Pour ces gens parfois affamés, les gros bourgs font figure de coffre au trésor et la muraille ne suffit plus par sa simple présence. Il faut la garder et éventuellement la défendre. C'est le rôle de la milice. Pour cette tâche, les responsables de la cité seront tentés d'envoyer de petites gens mais ceux-ci n'ont rien à défendre et leur efficacité n'est pas garantie. Par contre, payer des soldats mercenaires aguerris peut coûter cher. Ces gens sont susceptibles de se retourner contre la cité si elle ne souscrit pas à leurs exigences. Ainsi, la formule retenue sera généralement la milice bourgeoise. Que la ville soit défendue par ceux qui la possèdent est un bon choix mais souvent l'opulent commerçant rechigne à passer les nuits d'hiver sur le rempart, et les miliciens disponibles se font rares. Alors, pour augmenter l'efficacité de chacun, il est bon de développer la hauteur du mur et d'agrandir l'espace dégagé face à la défense.
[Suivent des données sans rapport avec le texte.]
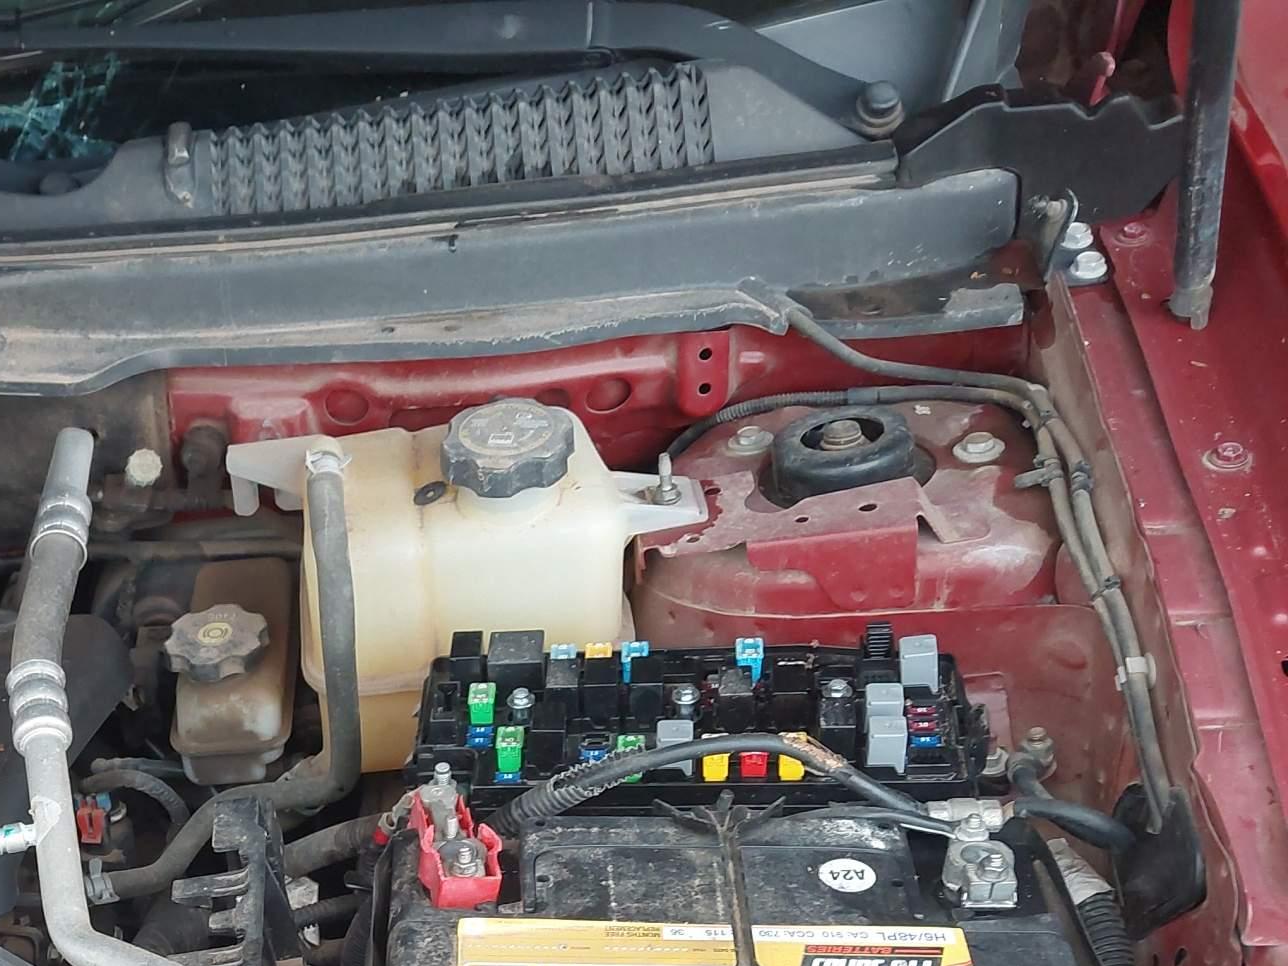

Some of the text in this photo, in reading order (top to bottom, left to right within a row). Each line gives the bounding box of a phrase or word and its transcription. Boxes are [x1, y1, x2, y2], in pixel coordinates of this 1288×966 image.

[829, 869, 865, 881] A24
[758, 929, 781, 937] 730
[806, 945, 894, 955] BATTERIES
Au Bas Moyen-Age, chaque milicien a son costume d'armes comme ceux de La Ronde de Nuit peints par Rembrandt mais il est souvent accompagné d'un valet suppléant. A lui incombent les charges ingrates pendant que le Maître fait bombance dans une tour bien chauffée.
En troisième degré nous trouvons la troupe en armes. 1000 à 1500 hommes, bien aguerris et bien commandés, qui décident de tenter l'assaut ou de faire le siège de la cité mais c'est un cas très exceptionnel. Pour en arriver à cette extrémité, il a fallu que les bourgeois aient accumulé les erreurs politiques et les intransigeances belliqueuses.
Sur la période du Moyen-Age, la force militaire organisée, le banc et l'arrière banc formés des nobles et des ignobles se lève volontiers face aux menaces extérieures ou dans les grandes querelles féodales mais, combattre une cité du domaine comtal, ducal ou royal, n'est pas dans leurs charges ordinaires, sauf si la ville fait peser un réel danger sur l'équilibre social ou religieux. Le risque majeur vient donc de l'extérieur, telles les villes flamandes qui vont subir l'assaut des chevaliers francs. Cependant, une bonne muraille et une milice bien armée font de la cité un pion à considérer, et toute menace peut se négocier. L'affaire de Courtrai, la bataille des éperons va montrer à la chevalerie franque que ses engagements ne sont pas sans danger. D'autre part, les villes sont souvent solidaires entre elles. Ainsi, s'attaquer à l'une d'entre elles peut entraîner une réaction qui va bien vite dépasser les moyens de l'assaillant. Enfin, lorsque le danger est grand, les bourgeois de la cité peuvent juger que tout pouvoir royal ou ducal en vaut un autre et le conseil est prompt à changer de camp.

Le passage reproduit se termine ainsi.